A look at top investment brokers for the mutual fund crowd.
If you own mutual funds, it’s quite possible that you are paying more than you need to in mutual fund fees. This is according to Lipper, Inc. a large mutual fund research company. But by understanding what the various fees are that are associated with mutual fund investing, you’ll be able to compare mutual funds, fund companies and online stock brokers and make the right decisions for your investment money. So let’s take a look at how fees are charged at some brokerages.
Below, we offer a short list of places where you can find resources on mutual funds, ETFs and stocks. You can find solid mutual funds and index funds at the following top investment brokers. Any fees we list are brokerage transaction fees only. For specific mutual fund fees, you’ll need to check the prospectus of any fund you are considering.
Top Investment Brokers For Mutual Fund Investing
A Quick Look at Mutual Fund Fees
Note that when you buy a mutual fund, you may be subject to several types of fees:
- Ongoing maintenance fees that are charged on an annual basis (e.g. Annual Fund Operating Expenses). These operating expenses include management fees, distribution (12b-1) fees, and some other miscellaneous fees.

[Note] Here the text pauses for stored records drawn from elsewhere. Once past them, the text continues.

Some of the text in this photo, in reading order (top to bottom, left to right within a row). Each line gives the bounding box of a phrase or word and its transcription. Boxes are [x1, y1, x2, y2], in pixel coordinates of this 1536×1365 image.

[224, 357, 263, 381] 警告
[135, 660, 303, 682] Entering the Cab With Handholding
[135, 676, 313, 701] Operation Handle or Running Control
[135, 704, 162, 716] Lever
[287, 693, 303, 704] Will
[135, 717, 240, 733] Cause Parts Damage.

- Transaction fees are charged when you purchase, redeem or exchange your fund shares. These fees are known as loads (e.g. Shareholder Fees). Shareholder Fees cover sales loads, redemption fees, exchange fees, account fees or purchase fees. There are front, back and “constant” loads as well (the latter is charged on a regular basis).

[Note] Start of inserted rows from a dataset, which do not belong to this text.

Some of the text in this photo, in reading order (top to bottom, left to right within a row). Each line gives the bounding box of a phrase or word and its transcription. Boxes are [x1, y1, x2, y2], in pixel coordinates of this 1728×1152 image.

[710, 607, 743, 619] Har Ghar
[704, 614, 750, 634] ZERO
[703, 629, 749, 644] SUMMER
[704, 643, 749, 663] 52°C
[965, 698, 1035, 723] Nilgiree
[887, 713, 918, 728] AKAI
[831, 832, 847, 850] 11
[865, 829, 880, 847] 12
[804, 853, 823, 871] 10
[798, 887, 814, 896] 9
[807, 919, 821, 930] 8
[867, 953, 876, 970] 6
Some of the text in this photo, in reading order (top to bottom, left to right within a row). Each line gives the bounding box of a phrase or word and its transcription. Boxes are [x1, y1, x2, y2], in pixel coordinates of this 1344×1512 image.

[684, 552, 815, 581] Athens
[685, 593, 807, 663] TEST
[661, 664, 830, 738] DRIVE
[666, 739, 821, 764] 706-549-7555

There are a variety of fees that apply to the promotion and management of mutual funds. Some fees go to pay the fund’s management and other fees pay the broker through which the funds are being offered. You’ll want to check your prospectus carefully and study the costs associated with a new fund before you open an account.
Case Study: Scottrade’s Mutual Fund Commissions
To get some idea on how fund and brokerage fees are charged, I’ll go through an example discussing how Scottrade sets its commissions and pricing. When you consider a particular fund through Scottrade, here are the considerations you’ll have to make:
- Find out if the fund is a Load Fund or a No Load Fund. You’ll need to know if the fund has a front load (where you pay a percentage of your purchase when you buy shares) or a back load (where you pay a percentage when you sell your shares). For more information, you should check the fund’s prospectus.

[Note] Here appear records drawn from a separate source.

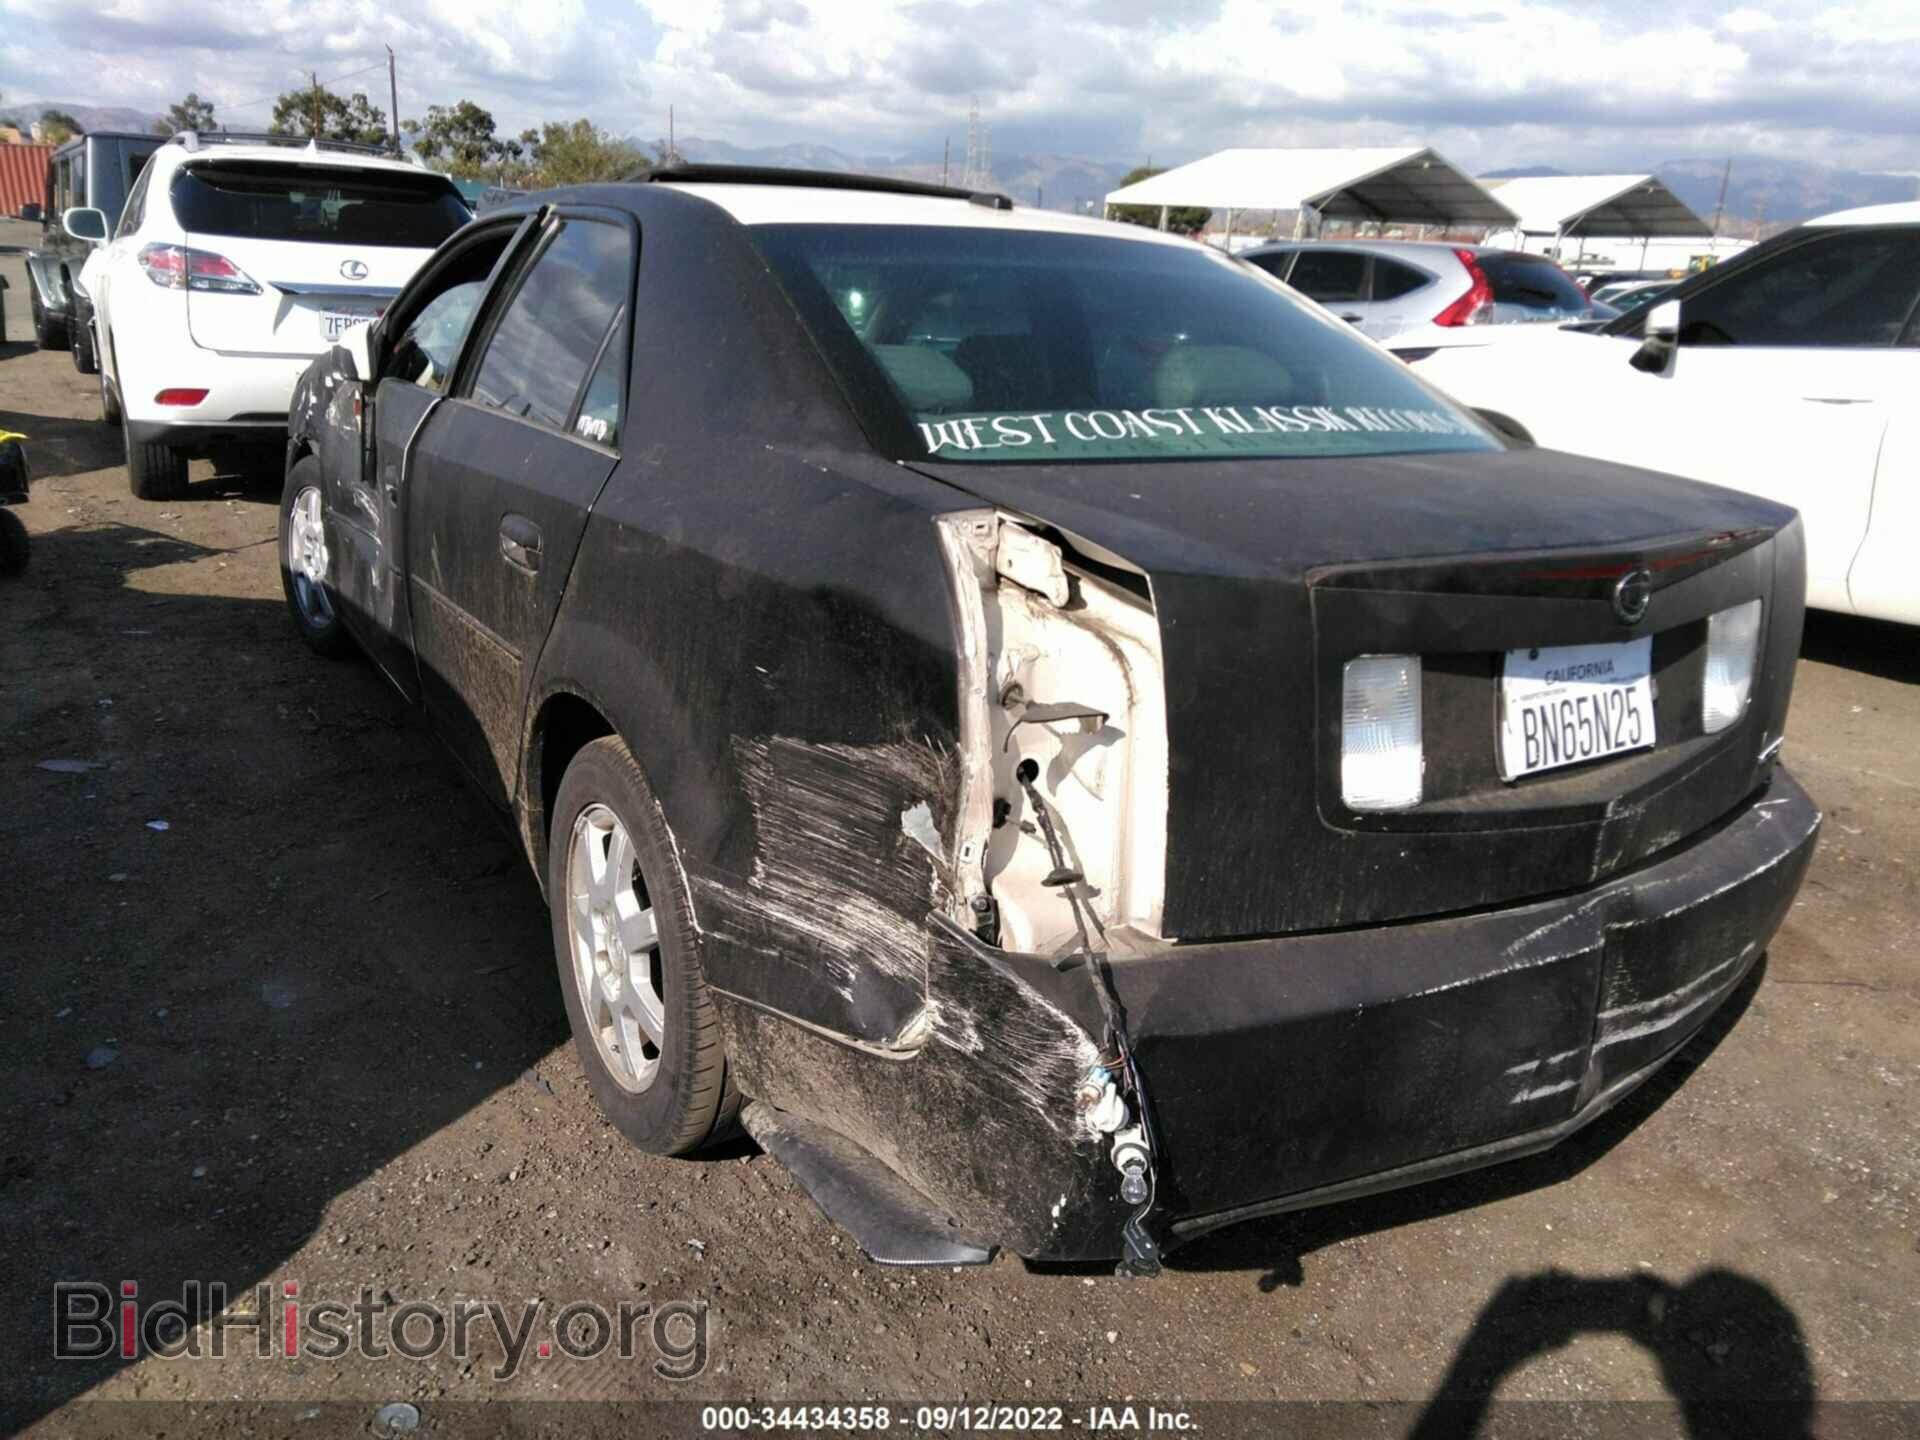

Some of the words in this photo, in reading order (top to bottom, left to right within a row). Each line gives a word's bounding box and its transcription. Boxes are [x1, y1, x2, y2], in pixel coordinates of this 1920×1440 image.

[918, 413, 1057, 453] WEST
[1064, 407, 1205, 441] COAST
[1203, 405, 1357, 434] KLASSIK
[1545, 659, 1615, 685] CALIFORNIA
[1522, 686, 1641, 769] BN65N25

- Find out if the Fund belongs to the broker’s No Transaction Fee Fund (NTF) program. A transaction fee is the commission you are charged by the broker (in this case, Scottrade), which is associated with certain mutual funds at the discretion of the broker. A fund may belong to the broker’s NTF program depending on their arrangement with the broker. If you buy into an NTF fund, you typically don’t pay a brokerage commission.
- For management fees and expense ratios, you’ll need to check the fund’s prospectus for the details.
The aforementioned financial institutions and sites also hold a wealth of information on investing. For those who are long term investors, I would suggest checking out discount brokers like Scottrade, E*Trade, Sharebuilder or Charles Schwab. For these online brokerages, you’ll need to watch out for fees on broker-assisted trades, which can be ridiculously high. But note that those investment brokers with flat fees tend to be much more reasonable on this front.
For more active and adventurous traders, sites like TradeKing, OptionsHouse, optionsXpress and tradeMonster may be more your cup of tea. You can also purchase mutual funds at fund companies, such as Vanguard and Fidelity. These companies also have brokerage arms that can suit your requirements.
The bottom line is that you should know your goals before you start investing so that when you open a brokerage account, it will be with the right entity that should be able to serve you best.